I made a tentative start by utilizing it to charge a set of four fully depleted Eneloop AA cells that have been in storage since March. Before being placed in storage, they were subjected to a break-in cycle and a discharge to 0.1 volts at 0.2C with an original edition MH-C9000. The same discharge criteria will used throughout this endeavor.

It was a pleasant surprise to determine that the initial charge by the MQNÖ6U resulted in a capacity differential of a mere 27mAh. This indicates that its primary charge will at least keep in balance cells that start the charge in similar states of discharge. In fact, I suspect its primary charge will even bring somewhat imbalanced cells back into balance.
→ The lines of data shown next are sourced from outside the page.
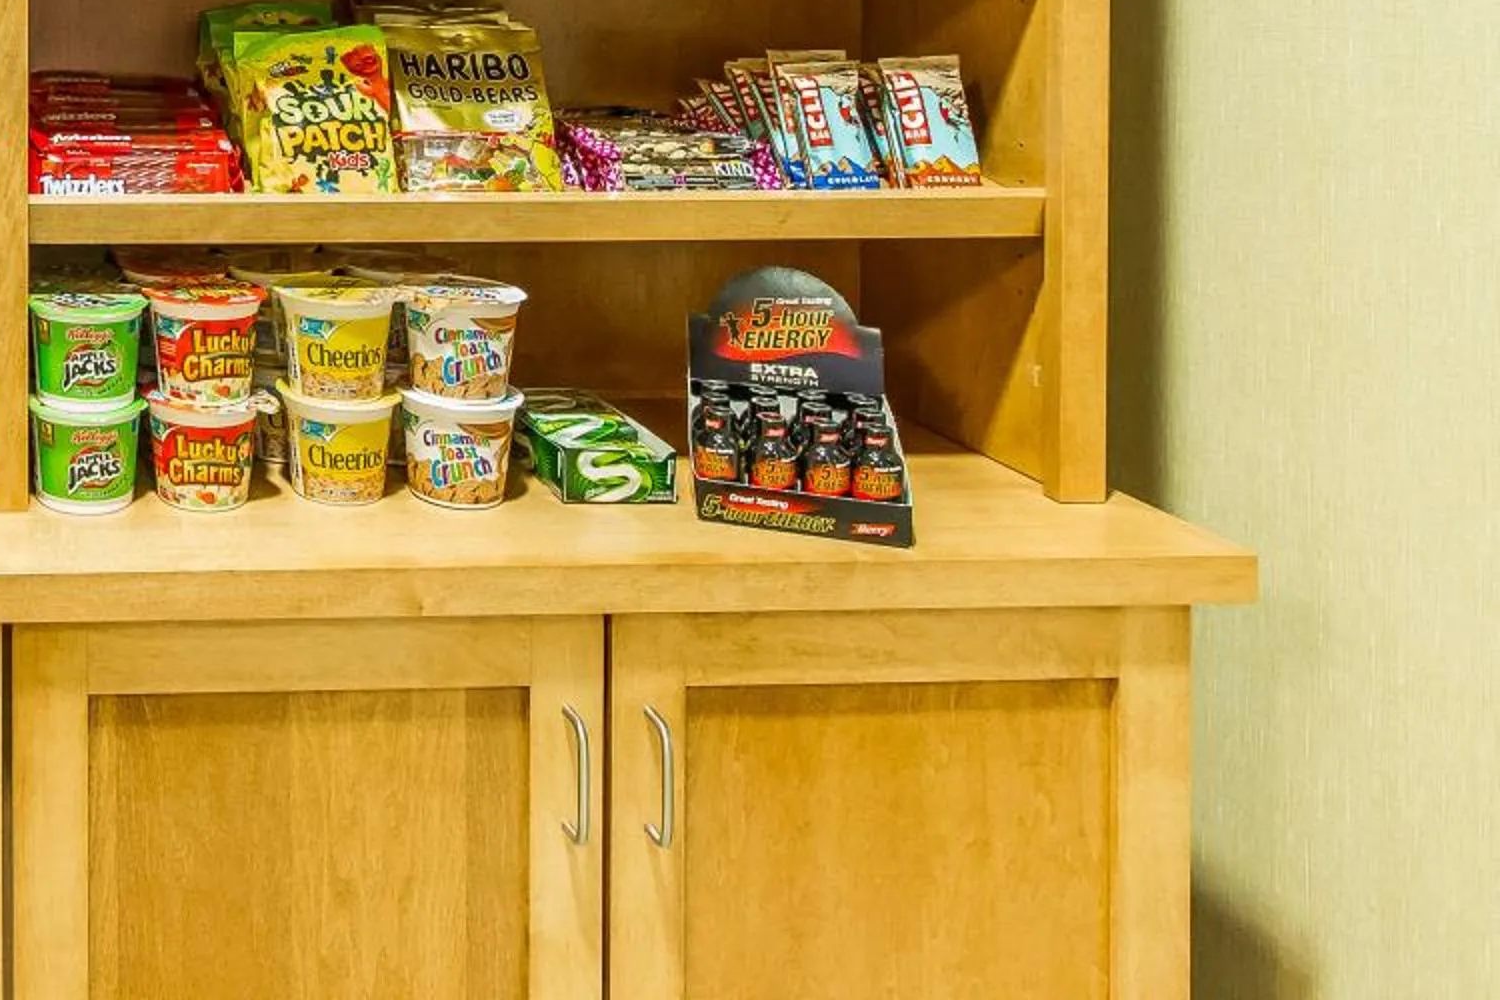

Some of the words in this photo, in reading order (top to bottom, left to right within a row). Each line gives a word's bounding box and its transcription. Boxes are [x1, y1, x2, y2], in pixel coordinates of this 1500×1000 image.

[400, 53, 530, 81] HARIBO
[408, 83, 539, 104] GOLD-BEARS
[279, 93, 378, 124] SOUR
[281, 121, 386, 155] PATCH
[329, 151, 370, 168] Kids
[712, 161, 754, 177] KIND
[752, 299, 834, 328] 5-hour
[194, 330, 251, 355] Lucky
[452, 340, 491, 356] Toast
[744, 329, 832, 349] ENERGY
[184, 355, 250, 380] Charms
[307, 342, 381, 369] Cheerios
[63, 359, 116, 391] JACKS
[442, 352, 502, 386] Crunch
[750, 364, 818, 378] EXTRA
[751, 375, 819, 387] STRENGTH
[177, 435, 235, 461] Lucky
[309, 444, 383, 471] Cheerios
[440, 445, 478, 459] Toast
[68, 460, 121, 494] JACKS
[169, 459, 242, 484] Charms
[430, 457, 492, 488] Crunch
[729, 493, 755, 504] Great
Following another primary charge on the MQNÖ6U, the cells were then left in the charger with the charger powered on. Firstly, to verify whether the charger does have a trickle charge function and, if so, to also monitor its effect over time on the cells' voltage. Twenty four hours after the primary charge terminated, all four cells had settled at 1.48 volts, and the voltage has basically remained static at 1.48 volts for over a week now.

The fact that the voltage hasn't diminished in over a week confirms that the MQNÖ6U does indeed have a trickle charge function. But what has me intrigued is the fact that the trickle charge has maintained such a stable voltage across all four cells, and a relatively benign voltage at that.

This, in turn, has me wondering what the effects of this charger's trickle charge would be if perpetuated. So please chime in with your thoughts, especially with respect to the effects over a given period of time, ie: a week, a month, a year?

Oh, the actual capacity measurements of those Eneloops I pulled from storage and subjected to the initial charge by the MQNÖ6U:

Code:
Cell 1:  1932mAh | Cell 2: 1945mAh | Cell 3: 1959mAh | Cell 4: 1959mAh
Code:
Combined Capacity: 7795mAh | Capacity Spread: 27mAh (1959mAh - 1932mAh)
Incidentally, they're all June 2006 vintage and, as near as I can tell, as strong now as they were when new...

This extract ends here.